A INDIFERENÇA DO MODERNISTA

A INDIFERENÇA DO MODERNISTA

O escritor modernista, José Lins do Rego nasceu em Pilar, na Paraíba, em 1901 e faleceu no Rio de Janeiro em 1957. Sua obra de ficção é de fundo memorialista, caracterizando-se pela reconstrução do mundo em que nasceu e se criou, através das histórias que ouviu na infância e a tradição de que foi testemunha.As obras do autor, em sua maioria, são narrativas que nascem de problemas gerados por um sistema patriarcal, escravocrata e latifundiário em decadência, dando origem ao romance nordestino do ciclo da cana -de- açúcar. Obras como: Menino de engenho, Doidinho, Bangüê, Usina e Fogo Morto, têm como temática o início da decadência do engenho latifundiário, com o advento da usina, contrapondo o homem como senhor de engenho, patriarca, junto a seu clã, à massa explorada e humilhada dos trabalhadores braçais.

Particularmente, a obra “Menino de Engenho” tem como cenário o interior paraibano, a fazenda Santa Rosa e o engenho de açúcar, onde o menino Carlinhos, aos quatro anos, após a morte da mãe e a loucura do pai, vai viver na fazenda do avô materno, José Paulino. A adaptação de Carlinhos e suas sucessivas perdas afetivas estão presentes ao longo da narrativa, através da descrição do meio e a influência da cultura patriarcal e escravocrata, fazendo parte da infância do menino. A cultura e a estrutura do engenho estão centrados na economia açucareira em declínio, cuja ferramenta básica é a mão de obra escrava, que fomenta e enriquece uma elite inescrupulosa e autoritária.

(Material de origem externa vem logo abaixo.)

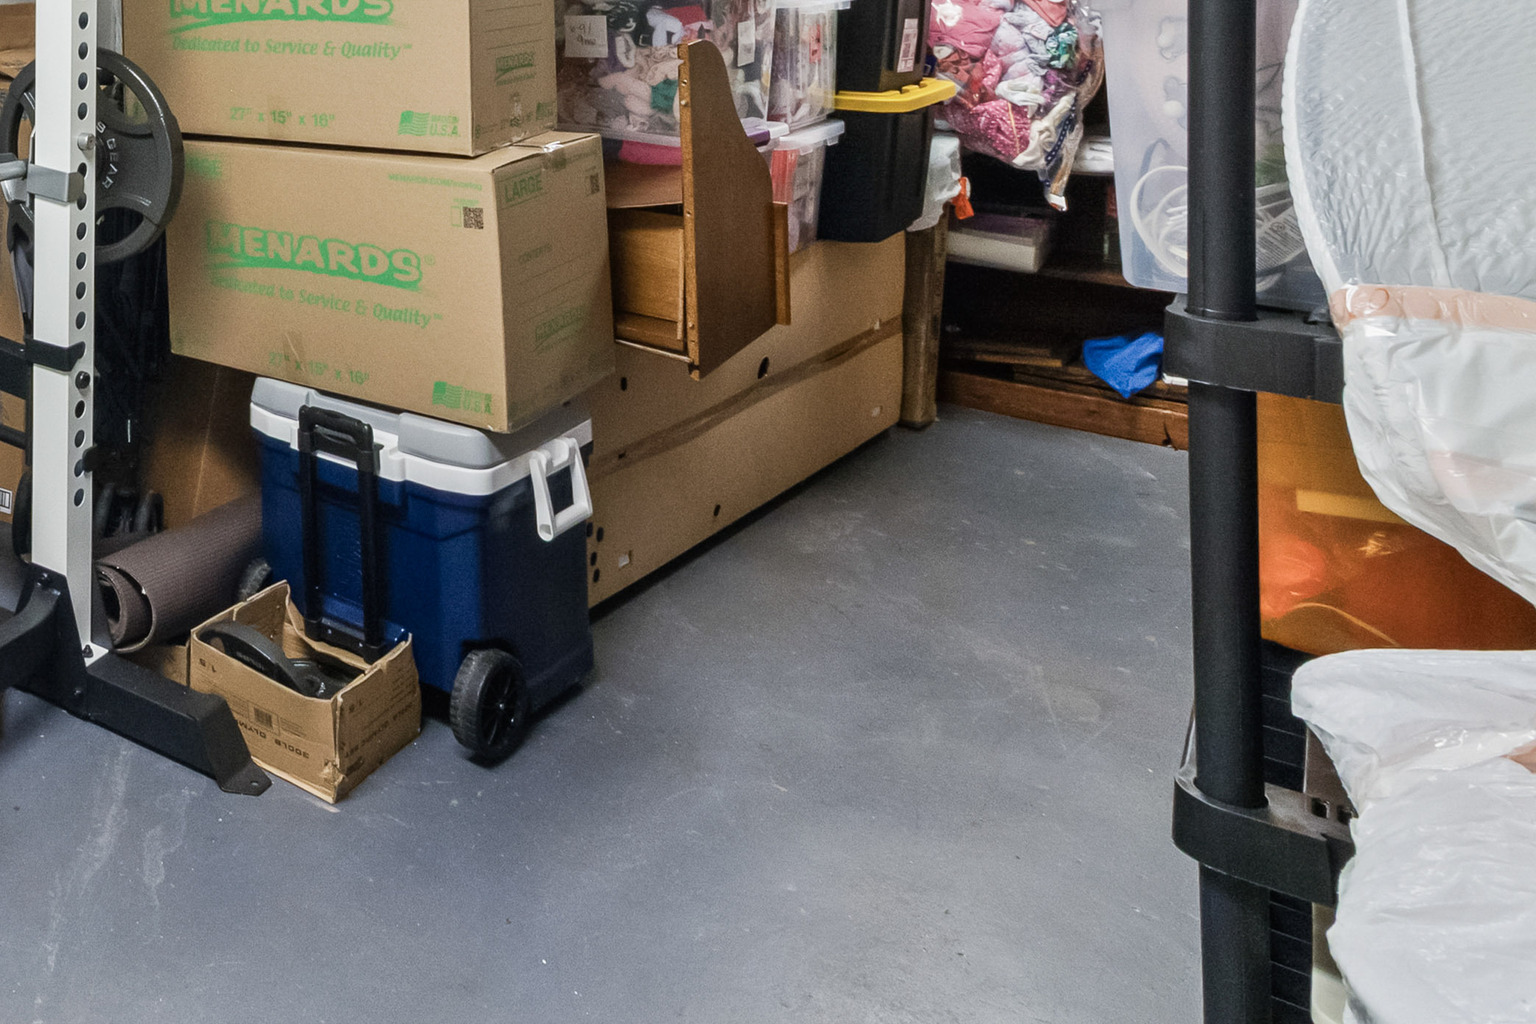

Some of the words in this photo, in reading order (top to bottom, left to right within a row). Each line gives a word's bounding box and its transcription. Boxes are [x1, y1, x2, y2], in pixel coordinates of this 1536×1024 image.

[244, 39, 260, 53] to
[265, 38, 318, 55] Service
[323, 41, 336, 56] &
[341, 41, 400, 60] Quality
[270, 109, 292, 124] 15"
[505, 175, 543, 203] LARGE
[206, 221, 423, 284] MENARDS
[279, 285, 295, 301] to
[299, 289, 351, 312] Service
[355, 299, 368, 315] &
[372, 303, 431, 328] Quality
[238, 721, 266, 738] OLYM
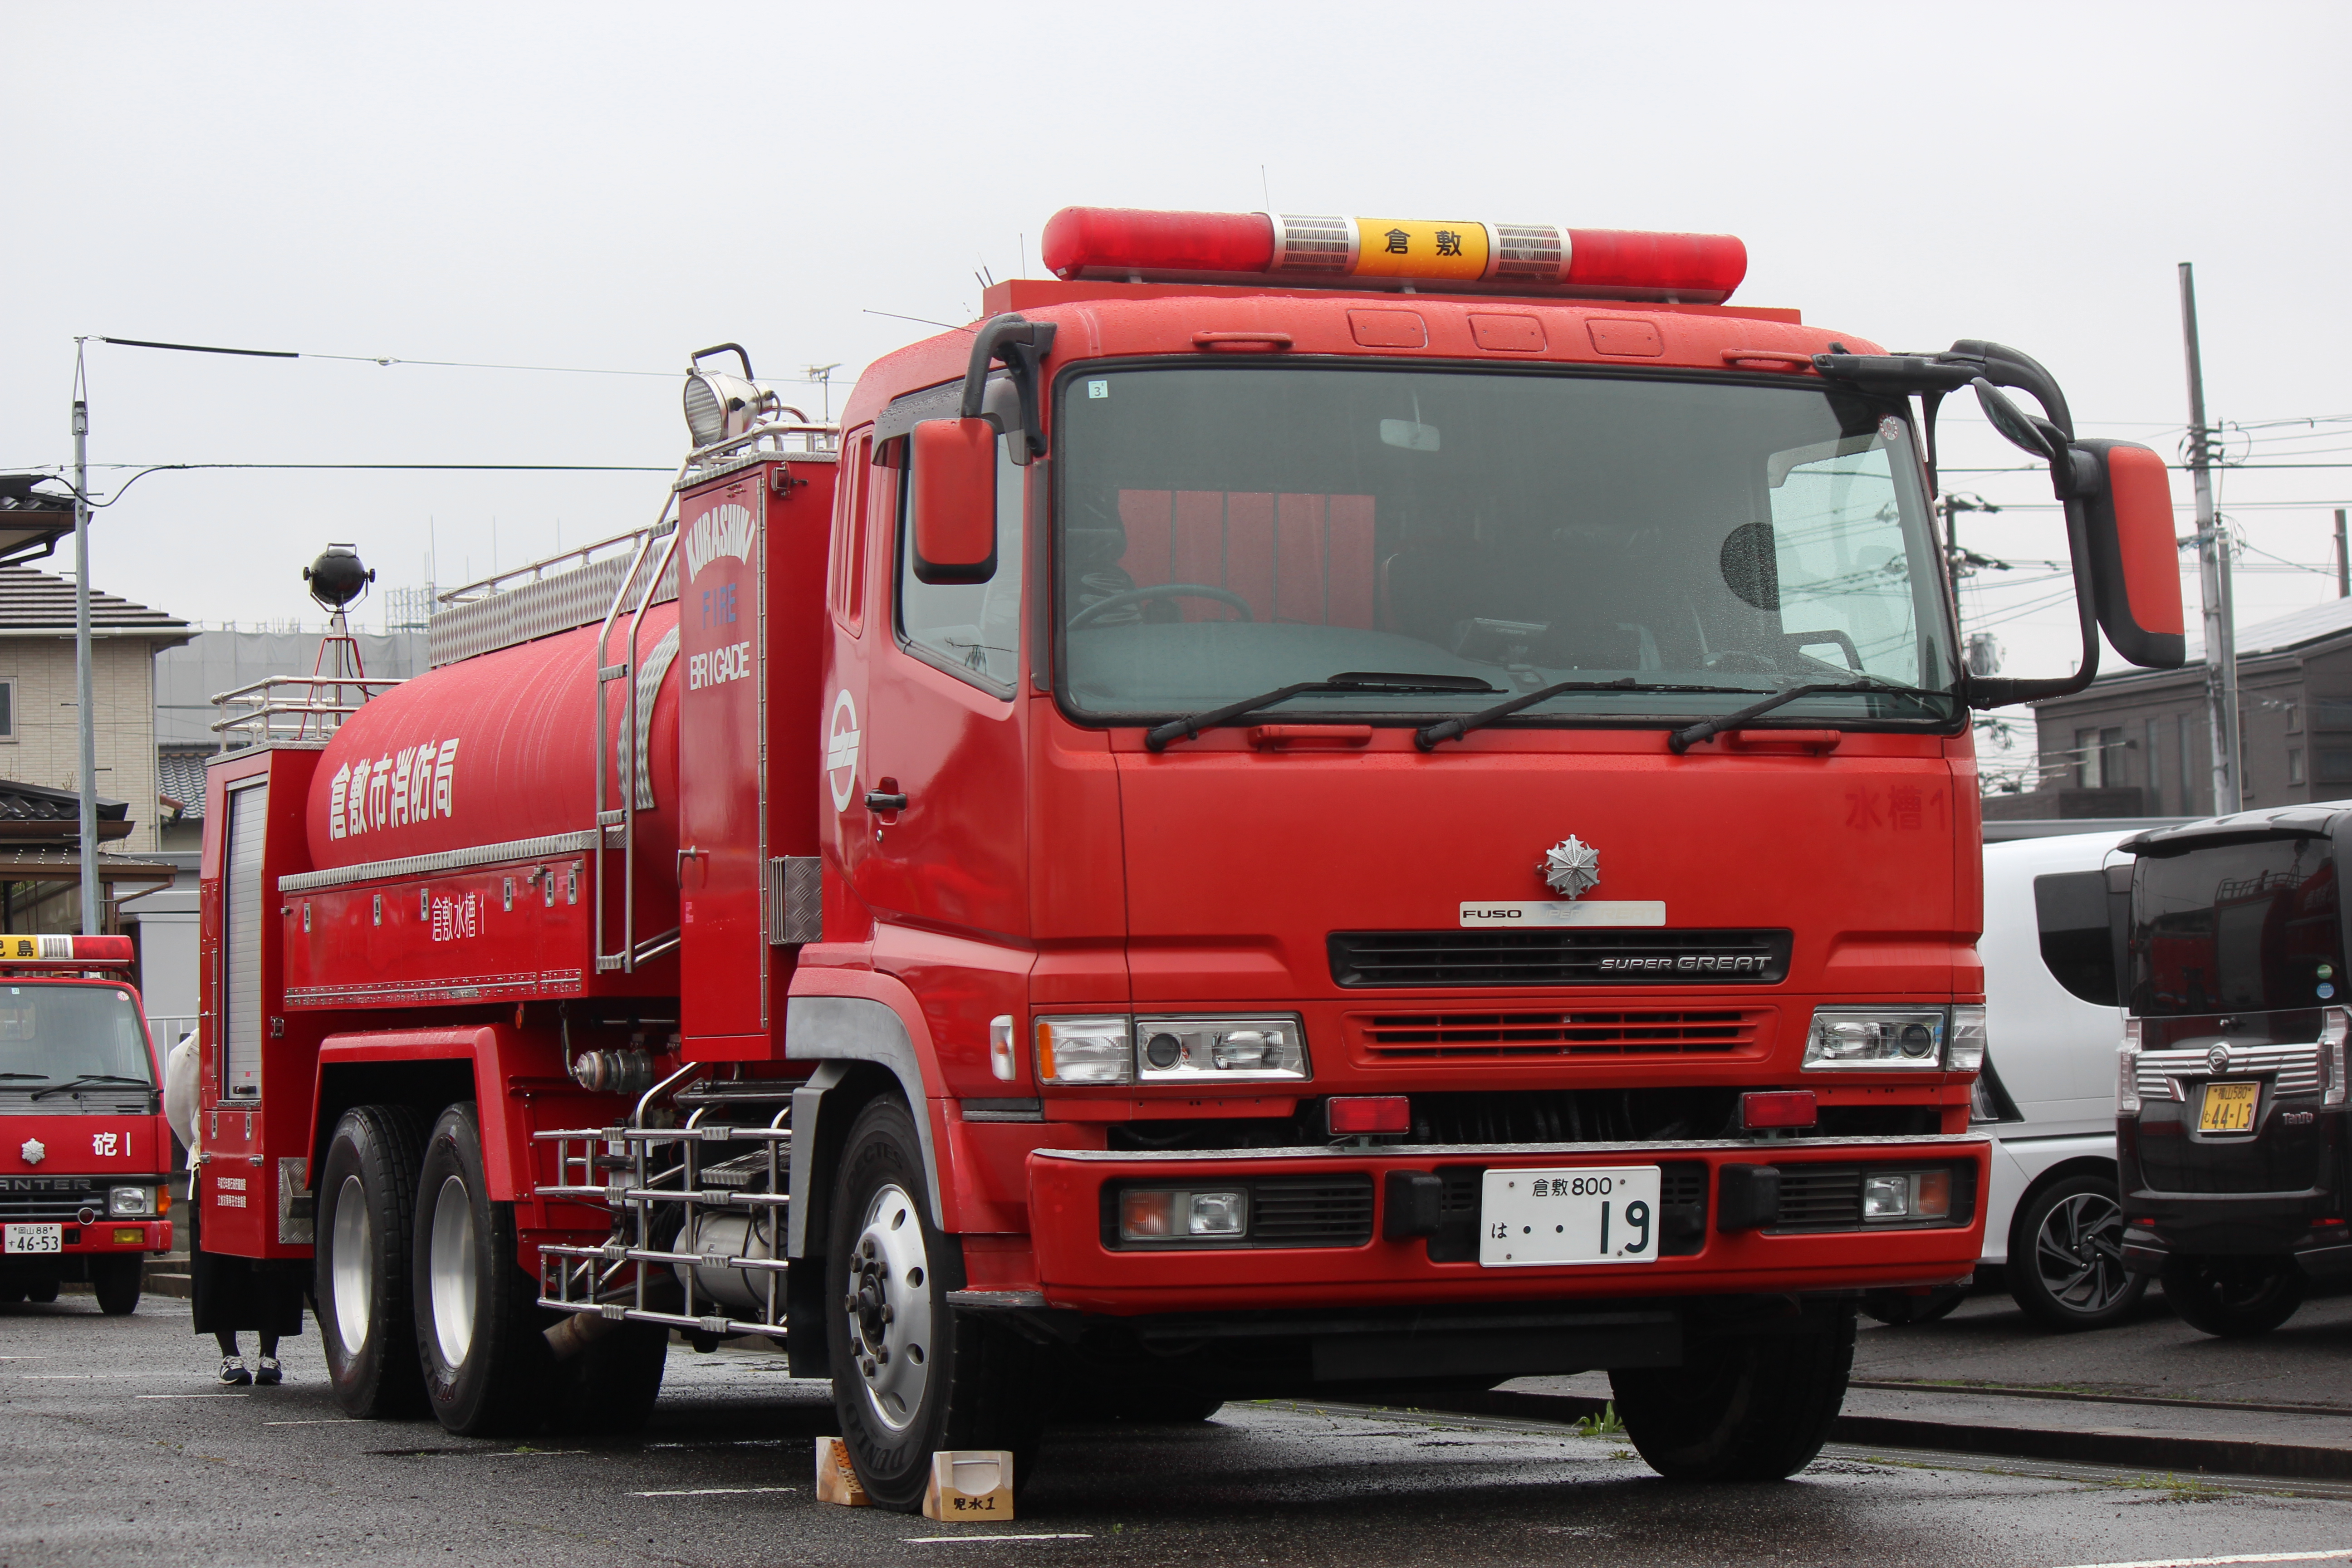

Negros e negras compõem a estrutura produtiva, onde a exploração do trabalho escravo retrata um painel econômico e social de uma época em que o senhor do engenho representa o poder econômico, o latifúndio e a exploração do trabalho braçal dos escravos. A narrativa desnuda com naturalidade a exploração econômica e sexual, particularmente, das escravas negras no contexto do engenho de açúcar, onde além de representarem as forças que moviam a cadeia produtiva, serviam de instrumento de satisfação sexual aos senhores de engenho.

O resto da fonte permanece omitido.